Happy meal prep Monday, friends! This week, I wanted a comforting, tasty meal prep which means…breakfast food! A few weeks ago I saw someone make a potato waffle and it’s been stuck in my head ever since, so here we are with these jalapeno cheddar potato waffles and egg cups. This week’s meal prepping didn’t go quite to plan, so let’s have a chat about what went well (the waffles!) and what is tasty but could’ve gone better (the egg cups)
Up first: the egg cups
I thought that I could skip dirtying a pan to pre-cook my veggies by greasing my muffin tin, adding the veggies, letting those cook for 5-8 minutes, then adding my egg mixture and letting that cook. What could go wrong??? Turns out, a couple of things could. Doing it this way meant that the egg sticks a bit to the pan, making it difficult to take them out from the pan which means that they aren’t as pretty as they could be.
The second issue though, is far more hilarious to me. Putting the egg mixture into an already hot pan made the egg that touches the pan cooks almost instantly. Then, when the rest of the egg cooks it puffs up, as eggs do. However, because the first bit of it, all the way up to the top of the muffin tin, is already cooked, when the egg cups cool and the puffiness comes back down, you end up with a concave top of the egg muffin. It doesn’t really change the taste at all, but again, it makes it look pretty funny. So, for the egg cups, learn from my mistakes and clean the extra pan. The recipe below has the way I’ve done it in the past and it works much better.
The next: jalapeno cheddar potato waffles
These are GOOD. I have a little waffle maker so it took a while since each waffle cooks for 5 minutes and I made 13 of them, but totally worth the time. Plus, while they were cooking, I had time to clean the kitchen so by the time they were all done, I had a couple of things to clean and I was in good shape!
I think that a lot of potato waffle recipes out there really overcomplicate things. I don’t see the need to shred some potatoes a different size from the rest, or let the liquid that comes out separate to collect the starch, or anything else like that. I shredded all of my potatoes with the large holes on my box grater. After each one, I spread the shreds out on a couple layers of paper towels, then started grating the next potato. Once the next potato was grated, I transferred the shreds on the paper towels into a bowl, put the new shreds onto the paper towels, then repeated the process. It took out enough of the potato liquid and was so easy. From there just combine everything and make the waffles!

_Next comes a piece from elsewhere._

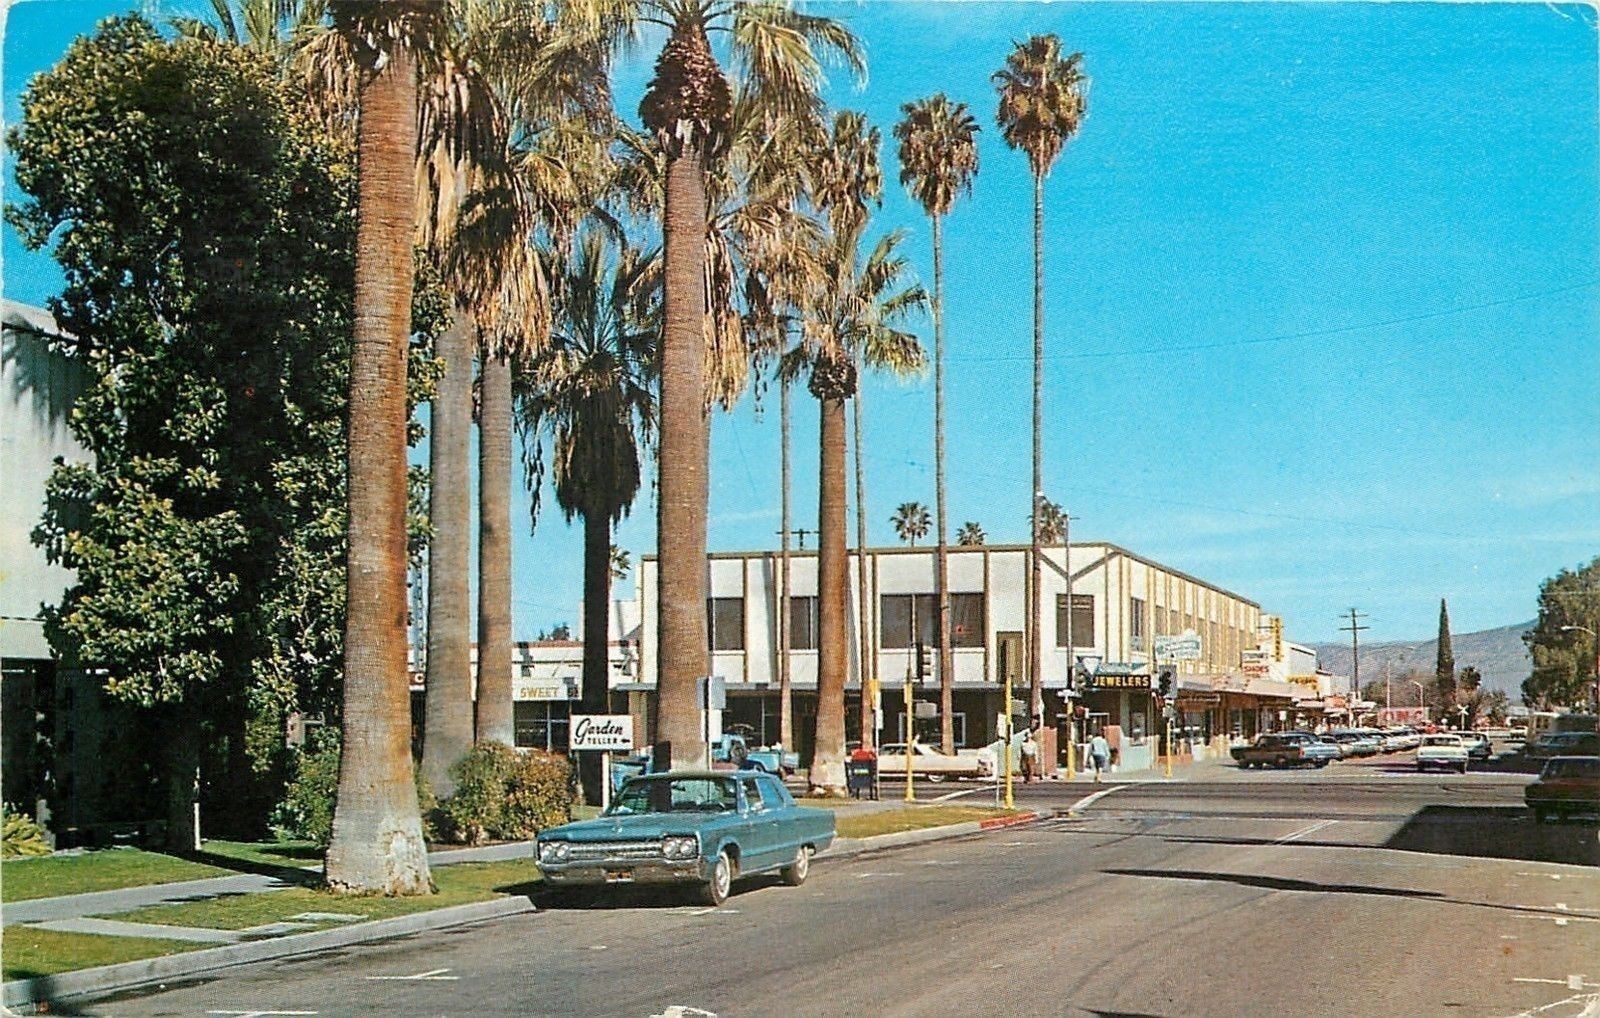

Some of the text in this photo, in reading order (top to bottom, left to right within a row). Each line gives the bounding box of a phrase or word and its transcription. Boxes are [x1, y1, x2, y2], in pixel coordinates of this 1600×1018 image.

[1092, 676, 1150, 687] JEWELERS
[520, 686, 559, 698] SWEET
[574, 717, 624, 745] Garden

Turns out I had a lot to say about egg cups and waffles, but hopefully you can learn from my experience and enjoy some delicious breakfast foods 🙂
Jalapeno Cheddar Potato Waffles – makes ~12 four inch waffles
- 4 russet potatoes
- 6 oz cheddar
- 2 jalapenos
- 2 tsp salt
- 1 tsp pepper
- 1 tsp garlic powder
- 1 egg
- 2 tbsp flour
How to do it
- make the ‘batter’: using the big holes on the box grater, grate the potatoes. After grating a potato, scatter the pieces out onto a couple of pieces of paper towels. Grate the next potato, then remove the first potato pieces from the paper towels into a large bowl and scatter the second potato’s pieces on the towel. continue until all have been grated and moved into the bowl.
- grate the cheddar cheese and add it to the same bowl
- add the remaining ingredients, to the potatoes and cheddar. mix well
- make the waffles: preheat your waffle maker then grease well and add the waffle mix. don’t forget to grease well! for my small waffle maker, I used about ¼ cup of mixture per waffle to create a relatively thin waffles with maximum crispiness. mine took about 5 minutes to cook, but look for them to start to brown well before removing to a cooling rack in order to preserve the crispiness. grease the iron again and continue making waffles until you use up all of the batter.
- store in an airtight container and reheat in the microwave, or pop back into the waffle iron to reheat and get some crispiness
Egg Cups – makes 12
- 8 eggs
- ½ C milk
- 1 tsp salt
- ½ tsp paprika
- ½ tsp pepper
- 1.5-2 cups chopped veg – I used red bell pepper, broccoli, and green onion
How to do it
- preheat the oven to 375*. grease a muffin tin and set aside
- prep the veg: chop your chosen veggies into relatively small pieces. set aside
- make the egg mixture: combine the eggs, milk, and spices. mix well and transfer to a container with a pour spout, if you have one
- assemble and bake: distribute the veggies among all 12 muffin cups. fill each cup with egg mixture almost up to the top, leave a bit of room for them to puff up. bake for 35-40 minutes or until they’re just set
- cool and store in an airtight container. Reheat in the microwave or oven and enjoy!